Ему теперь было не до кож. Унесли жаркое, и вместе с киселем кухарка принесла Тимофею Тимофеевичу обычную бутылку квасу. Куликов вперил взгляд в бутылку, и руки его задрожали. Он увидел на горлышке красную нитку.

«Она, – пронеслось у него в голове, – молодец, исполнил поручение!»

И он еще ниже наклонил голову над тарелкой, сделал еще умильнее гримасу. Старик всегда сам раскупоривал бутылку; он пил клюквенный квас один, и потому бутылку ставили к его прибору.

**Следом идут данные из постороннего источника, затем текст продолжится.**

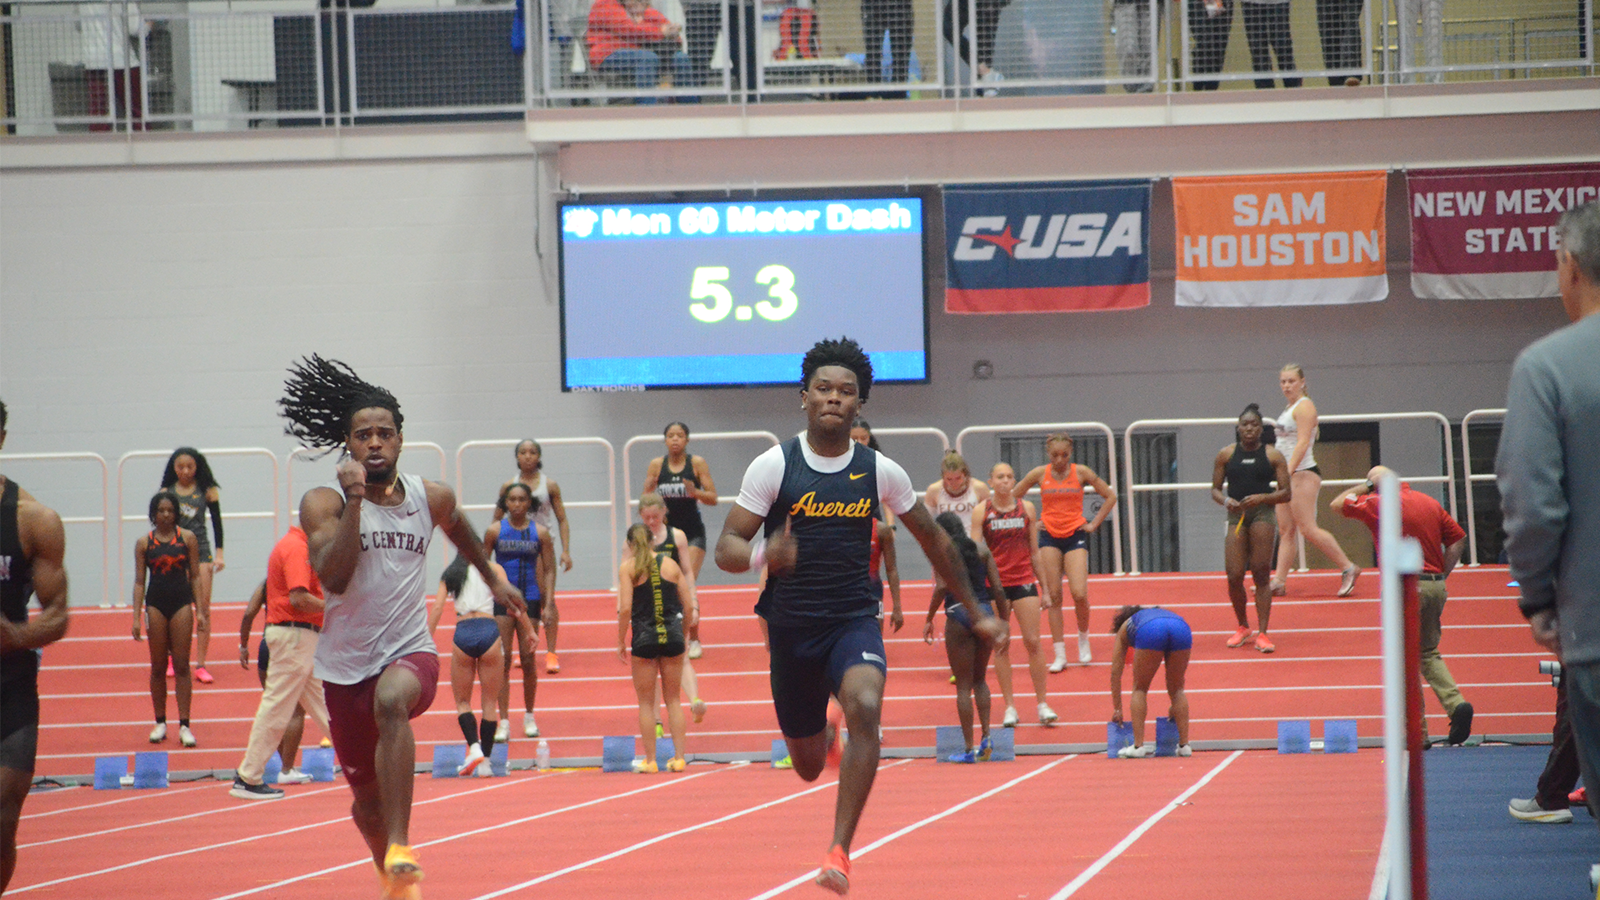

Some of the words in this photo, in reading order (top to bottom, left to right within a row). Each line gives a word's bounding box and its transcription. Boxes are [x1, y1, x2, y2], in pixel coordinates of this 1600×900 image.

Куликов, затаив дыхание, не спускал с него глаз.

Он волновался, как никогда еще в жизни! Его адский план сейчас должен осуществиться. Вот старик протянул руку и взял бутылку за горлышко. Красная нитка попала ему в руку. Куликов вздрогнул.

– Это что за нитка? – Старик небрежно оборвал ее и бросил. Не торопясь, он взял штопор.

Пробка хлопнула. Квас без пены.

– Что это, плохо закупоренная бутылка?

«А вдруг велит переменить, – испугался Куликов, – опять я рискнул, оторвал себе отступление!»

Но старик не велел подать другую бутылку и налил стакан. Решительная минута. Наполнив стакан, старик залпом его выпил. Раздался глубокий вздох Куликова. У него гора свалилась с плеч! Все кончено. Одного стакана довольно вполне.

Между тем Тимофей Тимофеевич налил еще полстакана и выпил.

«Готово, – ликовал Куликов. Он сразу сделался бодрее, поднял голову и самоуверенно откинулся на спинку кресла. – Теперь вы все в моих руках, никуда не уйдете!»

Старик сморщился и потянулся.

– Что это за квас сегодня, точно жжет в груди.

«Постой, голубчик, не так еще зажжет».

Начали вставать из-за стола. Тимофей Тимофеевич с трудом поднялся и схватился за грудь.

– Так позвольте откланяться, – произнес Куликов. – Я к нотариусу поеду. Будьте здоровы!

И он вышел.

Старик побледнел. С каждой минутой ему делалось хуже. Ганя и Степанов тревожно смотрели на его лицо, выражавшее страдание.

– Тимофей Тимофеевич, не послать ли за доктором.